Among the non-invasive methods used to quantify the elastic properties of arteries, PWV is the most recognized and established index of arterial stiffness [22,23]. The increase of PWV with age is well established [24], and an increase in PWV in patients with atherosclerotic disease is a well-recognized phenomenon [25,26]. Mean PWV correlates well with vascular damages [27,28]. Additionally, baPWV> 1400 cm/sec serves to discriminate the patients with either stroke or coronary heart disease independent from conventional atherosclerotic risk factors [29]. In our population of patients with FMD, the average baPWV was 1324.37 ± 247.55 cm/sec and 8 subjects (29.6%) had values greater than 1400 cm/sec. This finding was unexpected since we believed that the arteries in all patients with FMD would have abnormalities in arterial stiffness and compliance due a high prevalence of hypertension in patients with FMD.

There are several limitations of this study.

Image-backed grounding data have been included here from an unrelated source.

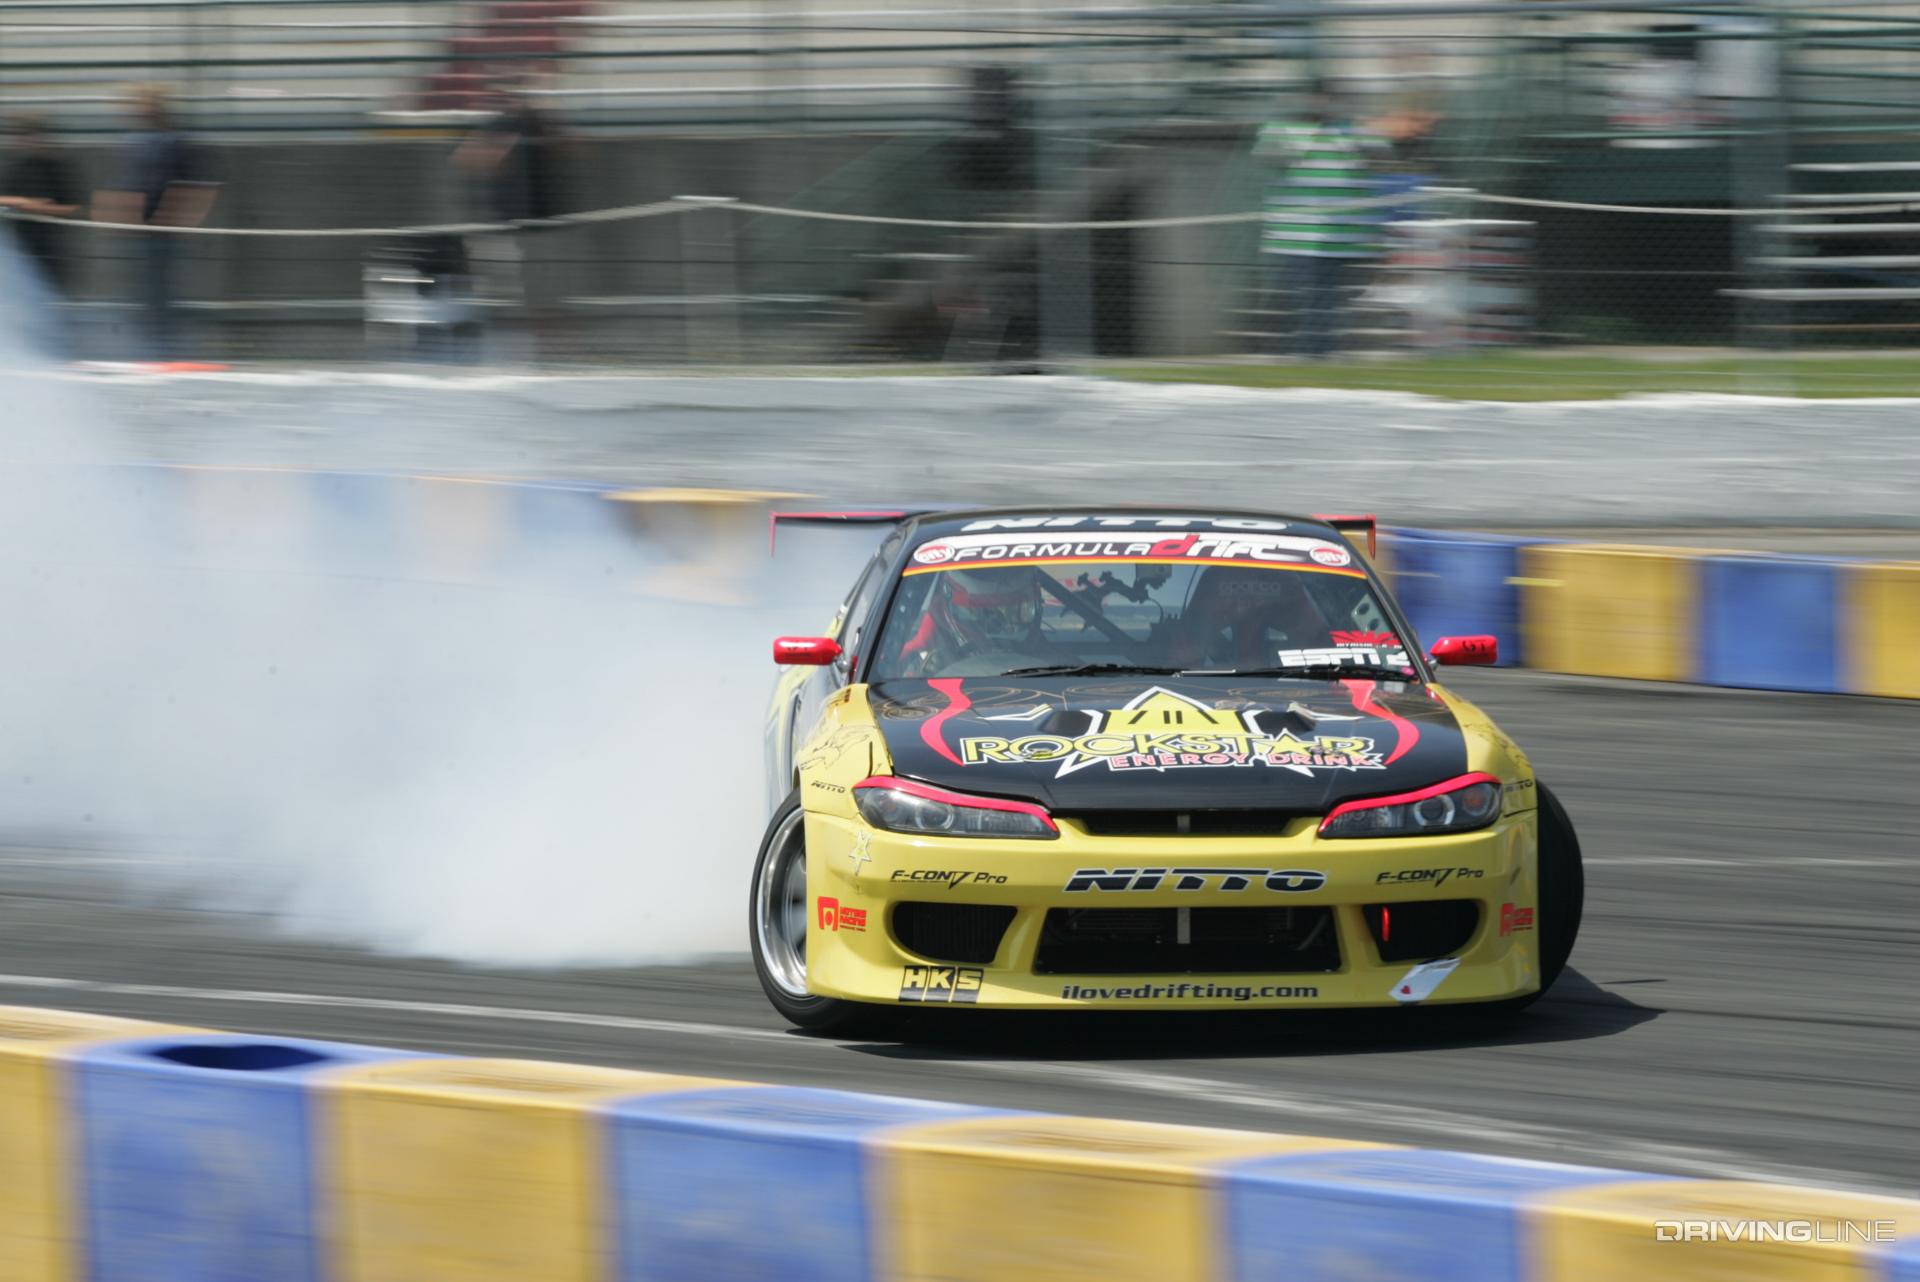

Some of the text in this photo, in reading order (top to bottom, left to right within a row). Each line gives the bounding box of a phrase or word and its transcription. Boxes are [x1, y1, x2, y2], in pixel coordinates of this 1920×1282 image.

[961, 516, 1287, 531] NITTO
[953, 542, 1151, 562] FORMULA
[1278, 648, 1381, 667] ESPN
[1111, 753, 1373, 769] ENERGY DRINK
[973, 872, 1008, 884] Pro
[1062, 867, 1327, 893] NITTO
[1457, 867, 1484, 879] Pro
[901, 966, 984, 991] HKS
[1061, 983, 1319, 1001] ilovedrifting.com
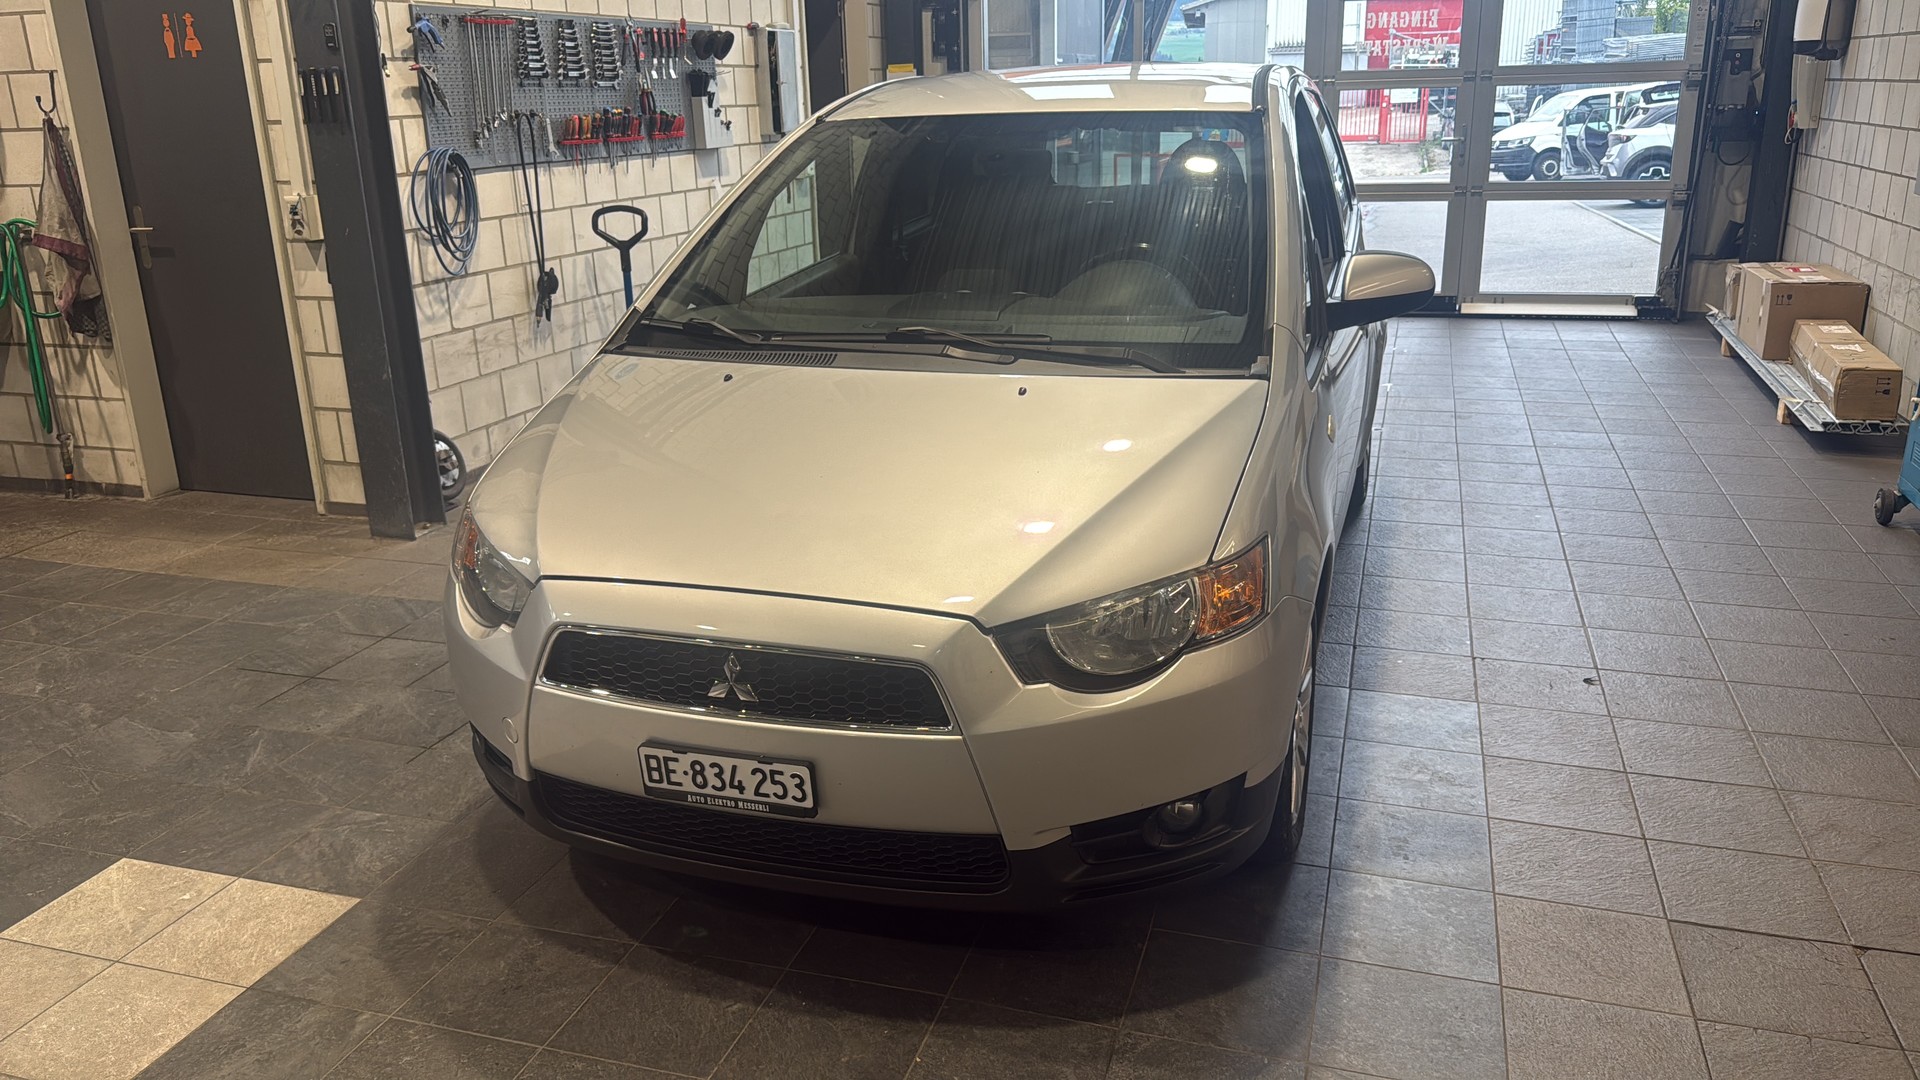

It was difficult to identify age and gender matched control subjects who had hypertension but did not have any other cardiovascular risk factors. Additionally, the sample size was too small to detect a difference in ABI, carotid artery IMT or arterial stiffness.

Conclusion

The present study demonstrates that in this cohort of patients, FMD was not associated with impaired overall vascular function. A prospective study with a larger sample size is required to confirm these findings.

Acknowledgements

The authors thank James Babb, PhD for his assistance with the statistical analysis.